[Stored data entries]
----------
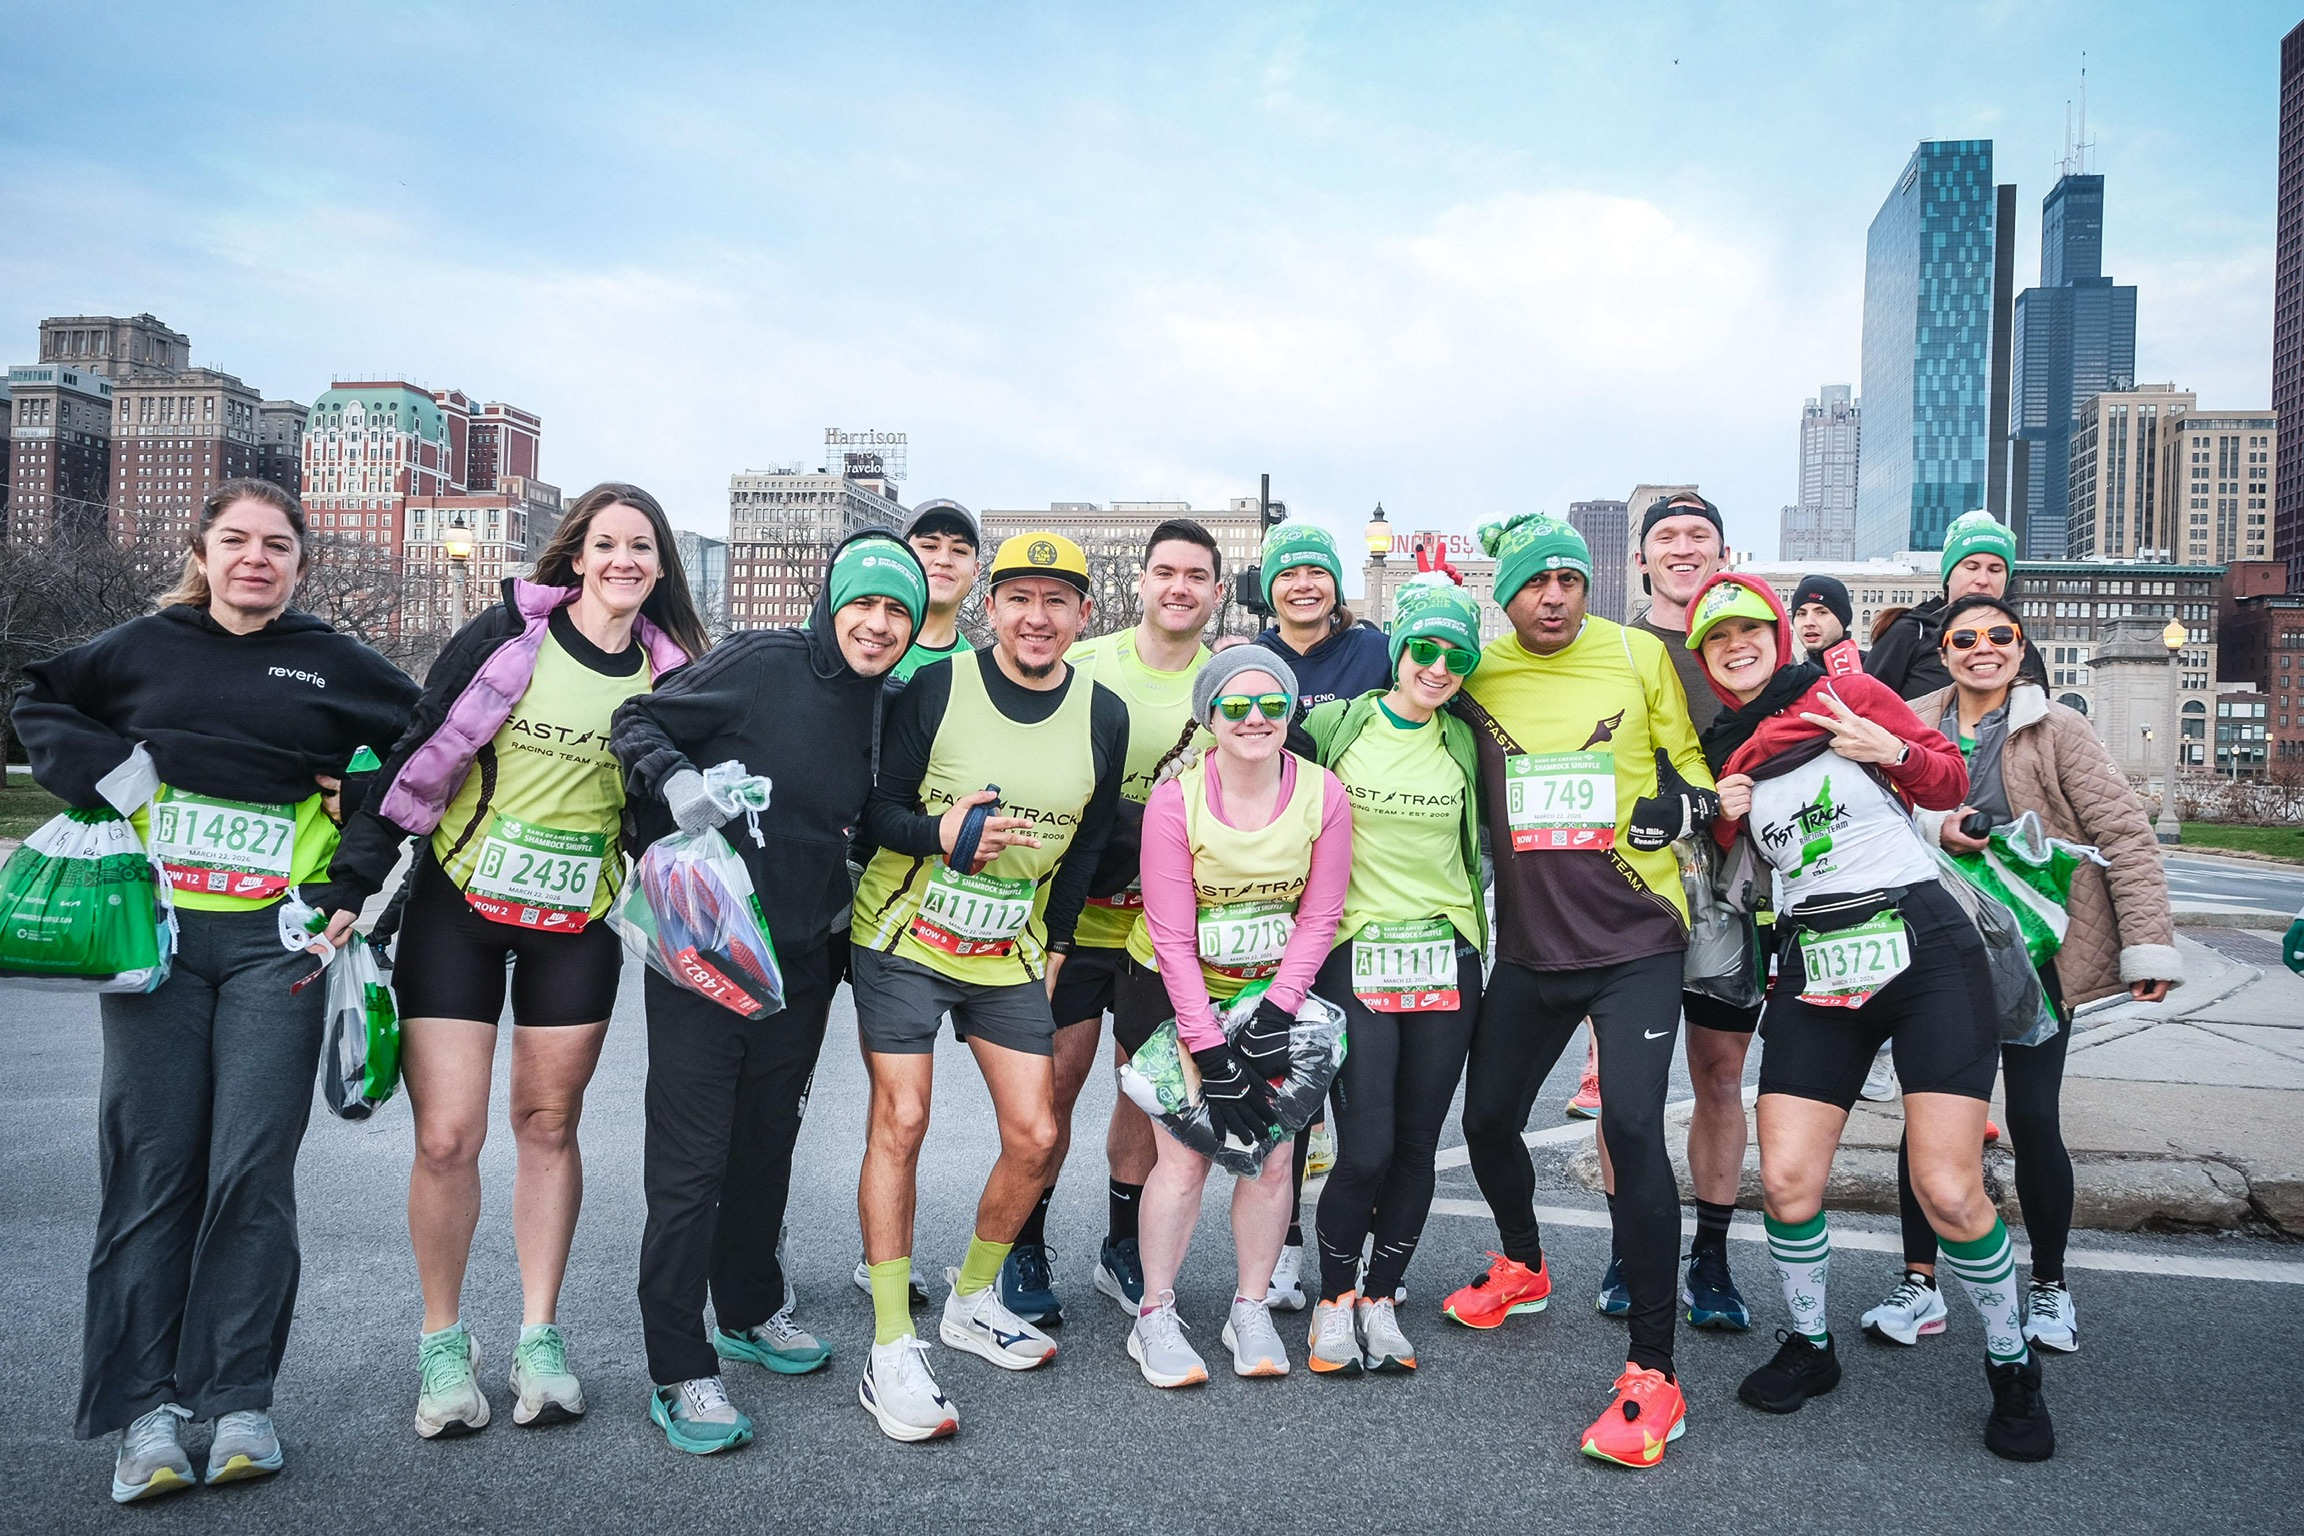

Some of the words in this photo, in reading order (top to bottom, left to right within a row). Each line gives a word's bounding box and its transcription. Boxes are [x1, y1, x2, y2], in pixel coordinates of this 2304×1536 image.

[824, 428, 907, 444] Harrison
[268, 666, 326, 688] reverie
[1314, 693, 1336, 703] CNO
[1484, 719, 1516, 751] FAST
[511, 742, 554, 757] RACING
[559, 752, 591, 764] TEAM
[1534, 763, 1569, 771] SHAMROCK
[1570, 762, 1601, 770] SHUFFLE
[1399, 794, 1458, 806] TRACK
[1511, 788, 1521, 811] B
[1543, 779, 1594, 810] 749
[1009, 805, 1079, 826] TRACK
[160, 812, 173, 842] B
[186, 810, 290, 857] 14827
[526, 828, 545, 836] BANK
[553, 834, 579, 842] AMERICA
[1646, 827, 1665, 835] Mile
[1761, 821, 1795, 851] FAST
[1789, 801, 1852, 834] TRACK
[1799, 829, 1824, 846] RACING
[1827, 820, 1849, 834] TEAM
[524, 834, 565, 850] SHAMROCK
[565, 843, 593, 853] SHUFFLE
[1042, 832, 1065, 840] 2009
[1517, 835, 1532, 843] ROW
[1534, 834, 1539, 842] 1
[189, 849, 216, 859] MARCH
[218, 853, 230, 861] 22,
[232, 854, 251, 863] 2026
[482, 850, 501, 877] B
[186, 872, 199, 884] 12
[241, 876, 264, 886] RUN
[511, 853, 589, 894] 2436
[1611, 853, 1643, 892] TEAM
[508, 886, 533, 896] MARCH
[534, 890, 543, 899] 22,
[545, 893, 561, 901] 2026
[961, 878, 998, 894] SHAMROCK
[998, 888, 1023, 896] SHUFFLE
[474, 901, 500, 914] ROW
[501, 907, 509, 916] 2
[926, 893, 940, 913] A
[948, 895, 1027, 930] 11112
[1229, 907, 1261, 915] SHAMROCK
[1261, 904, 1284, 912] SHUFFLE
[550, 912, 568, 921] RUN
[919, 926, 941, 940] ROW
[941, 935, 948, 943] 9
[948, 921, 968, 933] MARCH
[1231, 918, 1288, 954] 2778
[1383, 931, 1418, 939] SHAMROCK
[1419, 929, 1443, 938] SHUFFLE
[1206, 932, 1218, 956] D
[1358, 952, 1370, 975] A
[1377, 945, 1450, 975] 11117
[1819, 937, 1900, 978] 13721
[1808, 955, 1819, 981] C
[1860, 974, 1875, 982] 2026
[1383, 998, 1390, 1006] 9
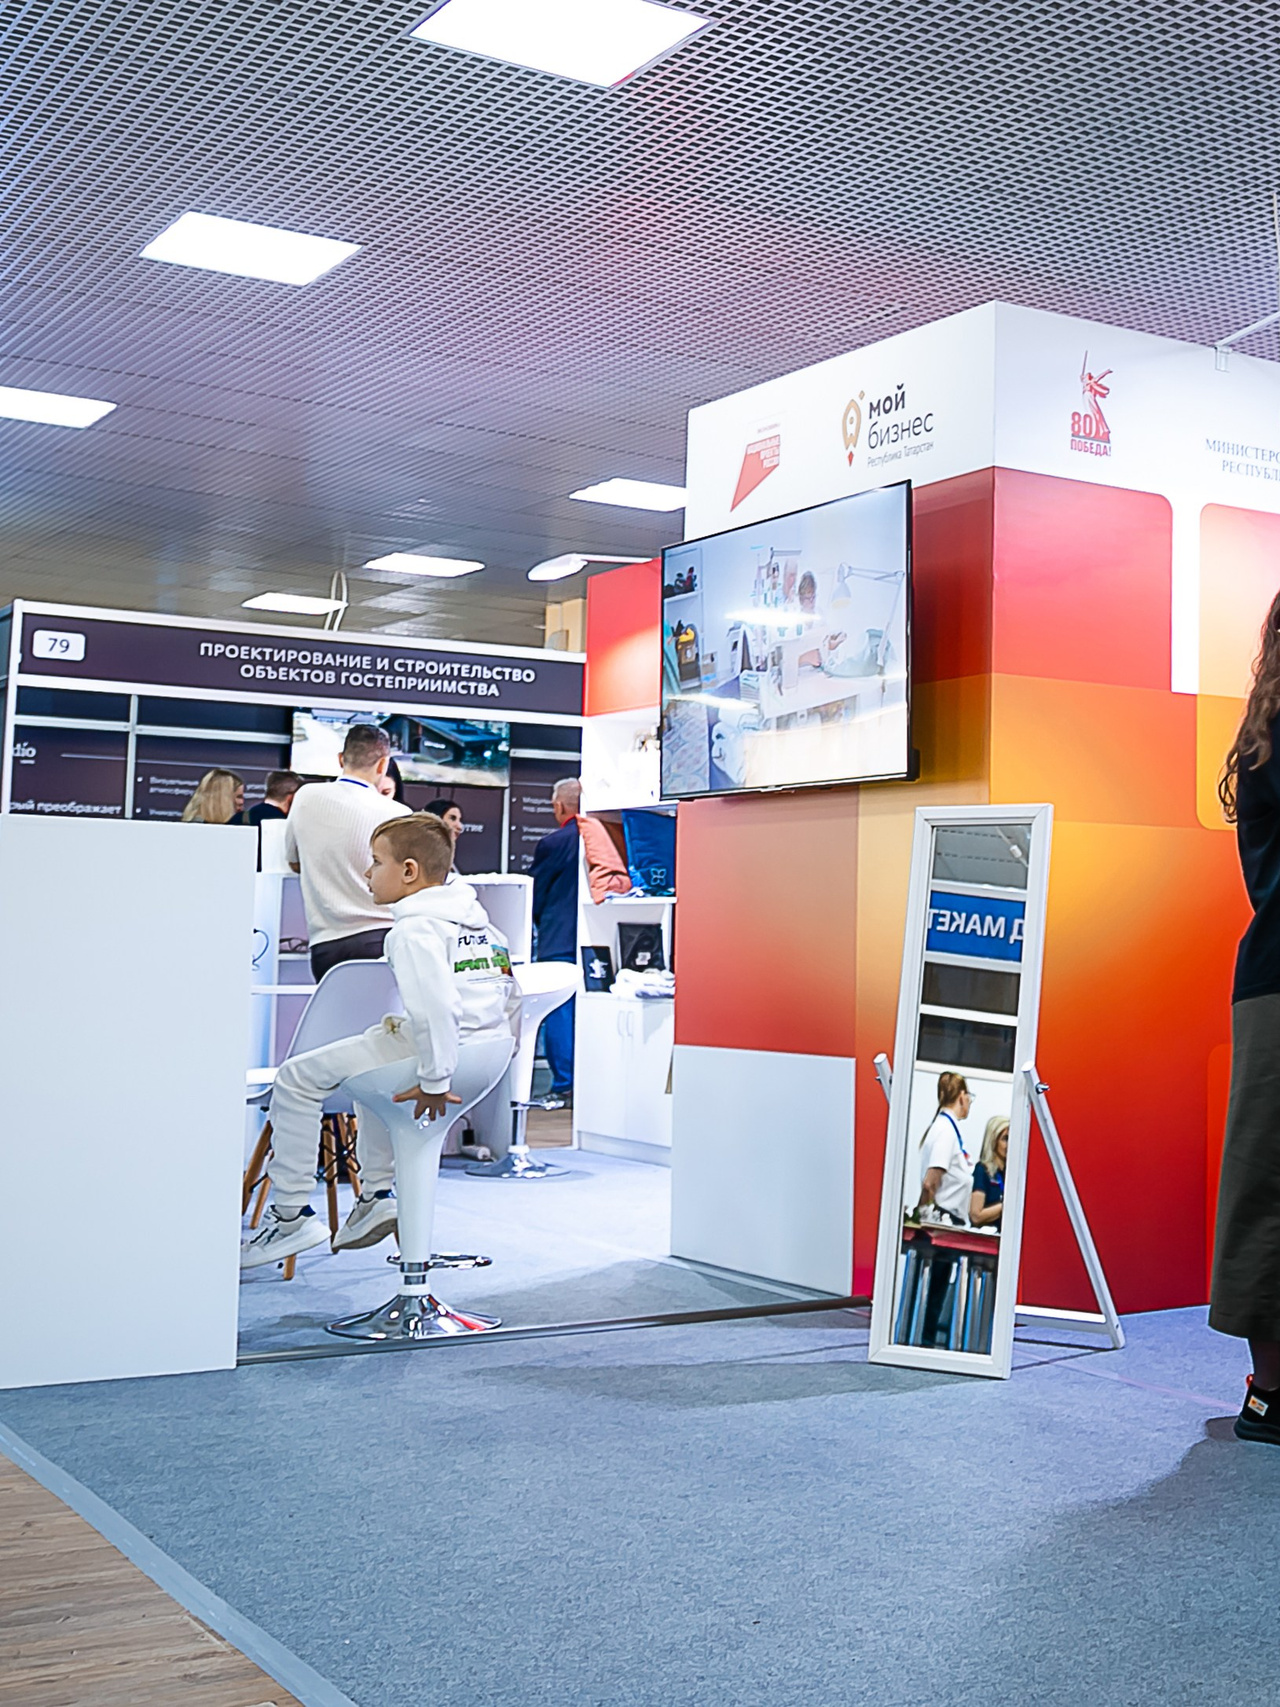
----------
Say how many lines in the records hold the string "RACING", please, and add no other words.

2